Some hoarding is required. But many people, including Californians who have been advised for decades to prepare similarly for earthquakes and wildfires, don’t know how much to buy.

In the middle of an unfamiliar crisis, that can lead to overstocking. So, too, does a desire to get in and out of the store quickly to avoid getting infected. Just grab it and go.

And when people see others filling their carts to the brim, they do it, too.

Humans are social beings who measure the danger of different situations by the reactions of people around them. A herd instinct kicks in.

Then there are all the images on the internet of empty shelves, which scream one word: Scarcity.

“The idea of scarcity is an incredibly powerful one, especially in Western cultures,” said Karmarkar, whose research looks at how consumers make decisions. “Think about all the times you’ve been shopping on the internet and ‘Only One Left’ pops up. We’re conditioned to want it now. There are a lot of messages pushing us in that direction.”

Friday there was a new message pushing in the other direction. Printed on front-door signs and the backs of sales receipts at Sprouts in Clairemont was this: “In these unprecedented times, ALL SALES ARE FINAL. Please keep this in mind when shopping for your weekly needs.”

Other stores are issuing similar warnings. In other words, good luck returning all those Lysol wipes.

Kath, the San Diego State University psychologist, said she thinks it’s important for people as they head out to shop to recognize and label the dominant emotion many are feeling: fear.

“The coronavirus is so far beyond our experience, we don’t feel any sense of control,” she said. “The fear is large, so the behavior is larger.”

She said it would help if shoppers are more self-aware.

“Recognize that what you are doing in response to the stress is a natural behavior, but take a deep breath and ask yourself, ‘How much of this do I really need?’ Move from an automatic response to a thoughtful or reasoned response.”

Thursday afternoon, at the Costco in Mission Valley, Jose Lopez, a 34-year-old restaurant worker, said he was trying to do just that. His cart was half-full with eggs, water, paper towels and other items he said represented what he would normally buy on a trip to the warehouse, “maybe a little less.”

He’s been shopping there for six years.

In response to panic-buying, Costco has put item-number limitations in place and is metering the crowds to control how many people are inside at a time.

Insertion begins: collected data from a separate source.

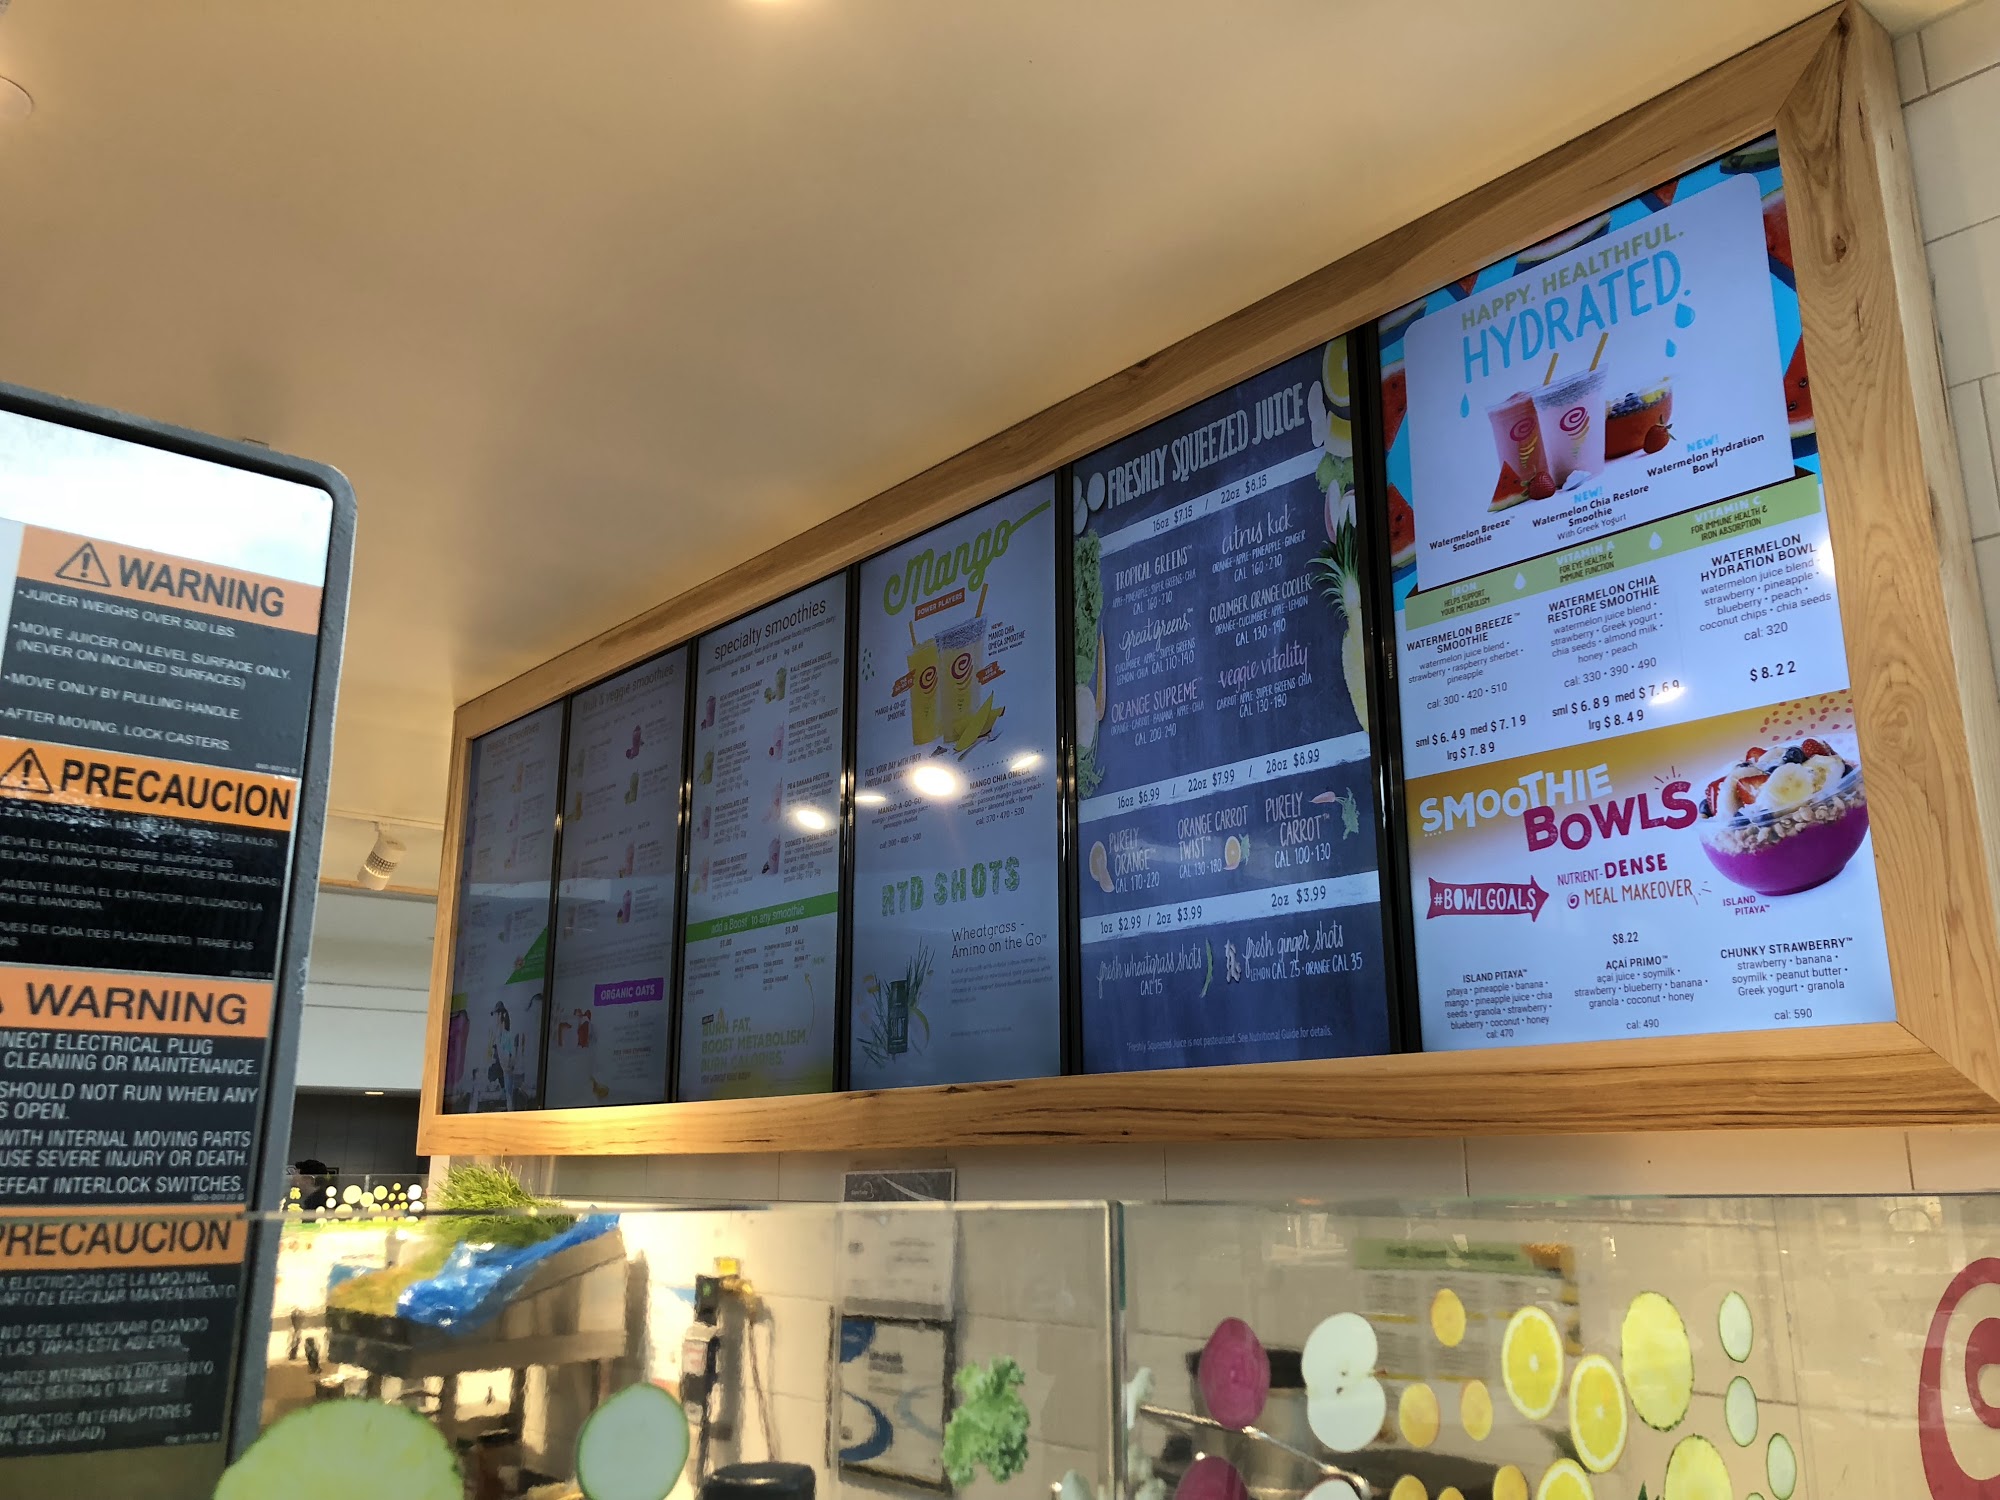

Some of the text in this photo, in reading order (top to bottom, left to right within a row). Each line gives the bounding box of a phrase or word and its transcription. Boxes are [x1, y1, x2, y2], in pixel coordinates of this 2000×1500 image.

[1461, 222, 1684, 331] HAPPY. HEALTHFUL.
[1463, 249, 1691, 384] HYDRATED.
[1107, 382, 1305, 510] FRESHLY SQUEEZED JUICE
[1647, 433, 1765, 478] Watermelon Hydration
[1692, 458, 1719, 476] Bowl
[1152, 517, 1170, 532] 16oz
[1173, 504, 1193, 525] $7.15
[1220, 488, 1240, 505] 22oz
[1532, 483, 1649, 528] Watermelon Chia Restore
[1568, 505, 1613, 528] Smoothie
[1221, 521, 1263, 555] citrus
[1429, 526, 1479, 550] Watermelon
[1452, 533, 1492, 552] Smoothie
[1711, 534, 1802, 567] WATERMELON
[883, 504, 1045, 616] Mango
[1115, 561, 1151, 592] TROPICAL
[1700, 542, 1816, 582] HYDRATION BOWL
[1700, 558, 1815, 595] watermelon juice blend
[118, 554, 285, 618] WARNING
[1209, 573, 1312, 624] CUCUMBER ORANGE COOLER
[1549, 575, 1656, 612] WATERMELON CHIA
[25, 589, 78, 608] JUICER
[82, 598, 139, 620] WEIGHS
[142, 610, 181, 628] OVER
[209, 623, 238, 638] LBS.
[916, 591, 963, 617] POWER PLAYERS
[1548, 585, 1660, 624] RESTORE SMOOTHIE
[714, 627, 762, 662] specialty
[765, 599, 826, 640] smoothies
[1406, 625, 1473, 651] WATERMELON
[1437, 631, 1489, 654] SMOOTHIE
[19, 622, 62, 640] MOVE
[67, 631, 118, 650] JUICER
[122, 639, 143, 654] ON
[146, 643, 189, 662] LEVEL
[191, 652, 253, 674] SURFACE
[16, 639, 246, 691] (NEVER ON INCLINED SURFACES)
[1218, 639, 1309, 694] veggie vitality
[10, 672, 55, 691] MOVE
[58, 679, 98, 697] ONLY
[101, 686, 120, 700] BY
[123, 691, 183, 711] PULLING
[6, 708, 55, 726] AFTER
[124, 724, 164, 741] LOCK
[1111, 693, 1150, 724] ORANGE
[60, 758, 291, 821] PRECAUCION
[1117, 748, 1320, 809] 16oz $6.99 22oz $7.99 28oz $8.99
[1265, 791, 1304, 823] PURELY
[1419, 764, 1614, 832] SMOOTHIE
[1177, 805, 1249, 839] ORANGE CARROT
[1523, 780, 1698, 852] BOWLS
[1108, 827, 1140, 853] PURELY
[881, 856, 1020, 917] RTD SHOTS
[1271, 884, 1327, 909] 2oz $3.99
[1433, 884, 1536, 912] #BOWLGOALS
[1584, 879, 1692, 906] MEAL MAKEOVER
[1723, 896, 1756, 906] ISLAND
[772, 904, 804, 922] smoothie
[1100, 904, 1202, 935] 1oz $2.99 2oz $3.99
[951, 922, 1017, 944] Wheatgrass
[1242, 920, 1344, 979] fresh ginger shots
[1612, 932, 1638, 945] $8.22
[1720, 946, 1765, 959] CHUNKY
[1738, 954, 1832, 970] strawberry banana
[1096, 953, 1123, 999] fresh
[1124, 946, 1175, 984] wheatgrass
[1738, 980, 1844, 996] Greek yogurt granola
[25, 982, 248, 1026] WARNING
[601, 984, 655, 1001] ORGANIC OATS
[55, 1033, 213, 1055] ELECTRICAL PLUG
[4, 1050, 259, 1076] CLEANING OR MAINTENANCE.
[0, 1081, 259, 1103] SHOULD NOT RUN WHEN ANY
[13, 1102, 70, 1121] OPEN.
[48, 1130, 129, 1148] INTERNAL
[133, 1130, 197, 1148] MOVING
[202, 1130, 251, 1148] PARTS
[37, 1150, 248, 1168] SEVERE INJURY OR DEATH.
[53, 1175, 244, 1194] INTERLOCK SWITCHES.

Lopez said he waited outside for about 15 minutes before it was his turn. He had been shopping at night, but not anymore.

There’s no line at night, he said, “but there’s none of the things you want, either.”

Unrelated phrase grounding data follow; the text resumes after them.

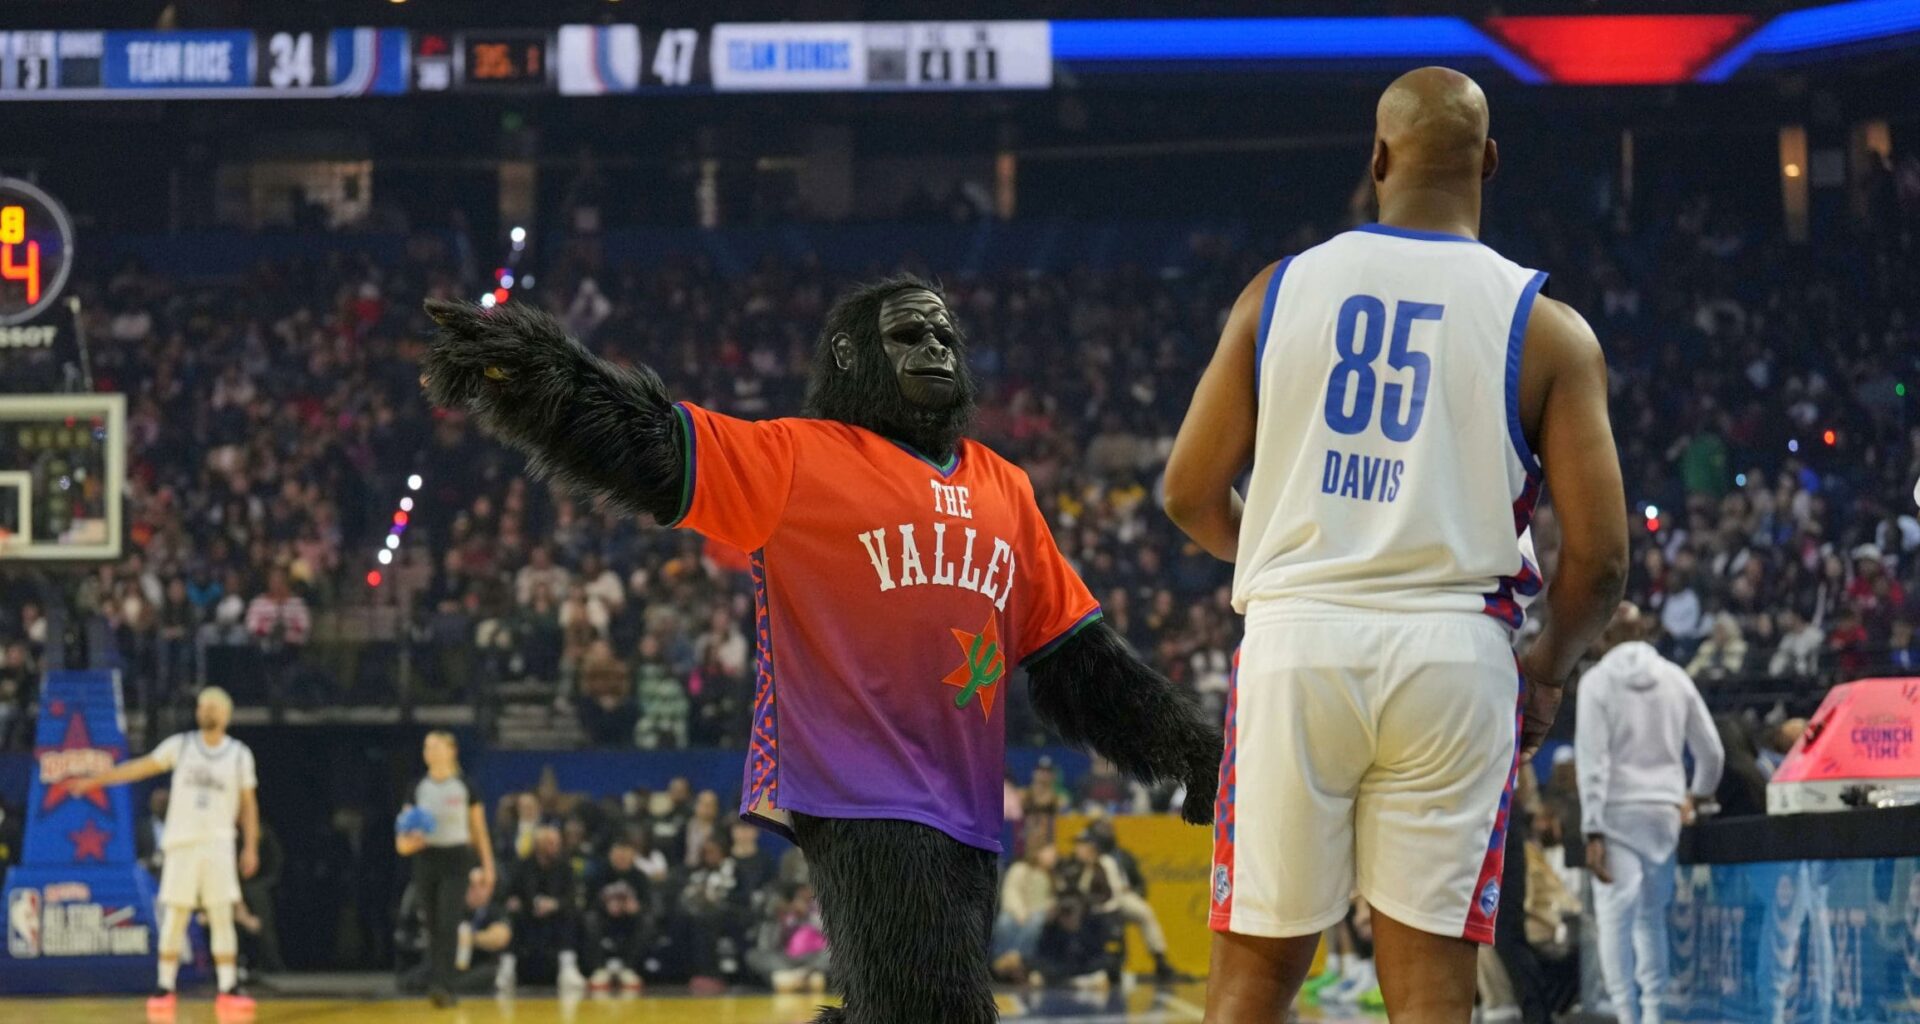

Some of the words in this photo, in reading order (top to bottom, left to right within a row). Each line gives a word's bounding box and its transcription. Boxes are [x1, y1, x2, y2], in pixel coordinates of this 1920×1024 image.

[127, 41, 181, 82] TEAM
[269, 31, 314, 89] 34
[651, 28, 698, 86] 47
[1324, 294, 1445, 443] 85
[930, 478, 973, 519] THE
[1321, 449, 1404, 503] DAVIS
[1851, 726, 1914, 745] CRUNCH
[1864, 743, 1901, 760] TIME

Once inside, the Spring Valley resident said he resisted the urge to hoard, despite what he saw going on around him.

“We all have to do our part,” he said. “It’s still pretty crazy in there.”

Everyone doing his or her part — that’s played a key role in containing earlier viral outbreaks, according to the book “The Psychology of Pandemics,” by Steven Taylor, a clinical psychologist and professor at the University of British Columbia.

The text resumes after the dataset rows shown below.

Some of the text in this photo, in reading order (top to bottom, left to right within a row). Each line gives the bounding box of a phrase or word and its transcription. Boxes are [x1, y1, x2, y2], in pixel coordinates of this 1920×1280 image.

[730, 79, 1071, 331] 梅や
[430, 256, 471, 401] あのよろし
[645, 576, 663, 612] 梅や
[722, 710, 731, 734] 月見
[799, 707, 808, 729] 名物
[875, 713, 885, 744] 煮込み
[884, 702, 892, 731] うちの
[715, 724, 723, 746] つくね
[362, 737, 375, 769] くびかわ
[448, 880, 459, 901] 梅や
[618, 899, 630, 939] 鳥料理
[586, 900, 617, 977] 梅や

The book, which came out in December, eerily predicts a lot of what’s happening with the coronavirus, although it didn’t foresee toilet paper becoming part of the panic-buying.

Taylor is an expert in anxiety disorders, especially those surrounding health. He got to wondering what would happen to his patients if a pandemic broke out and spent two years researching the project.

“The more I read about pandemics, the more I realized that pandemics were essentially psychological phenomena,” Taylor wrote in a recent article for the Independent. “Pandemics were not simply about some virus infecting people. Pandemics were caused and contained by the way that people behaved.

“Pandemics are controlled only when people agree to do particular things, like covering their coughs, washing their hands, complying with social distancing, and getting vaccinated, if a vaccine is available. If, for various psychological reasons, people refuse to do these things, then the pandemic will continue to spread.”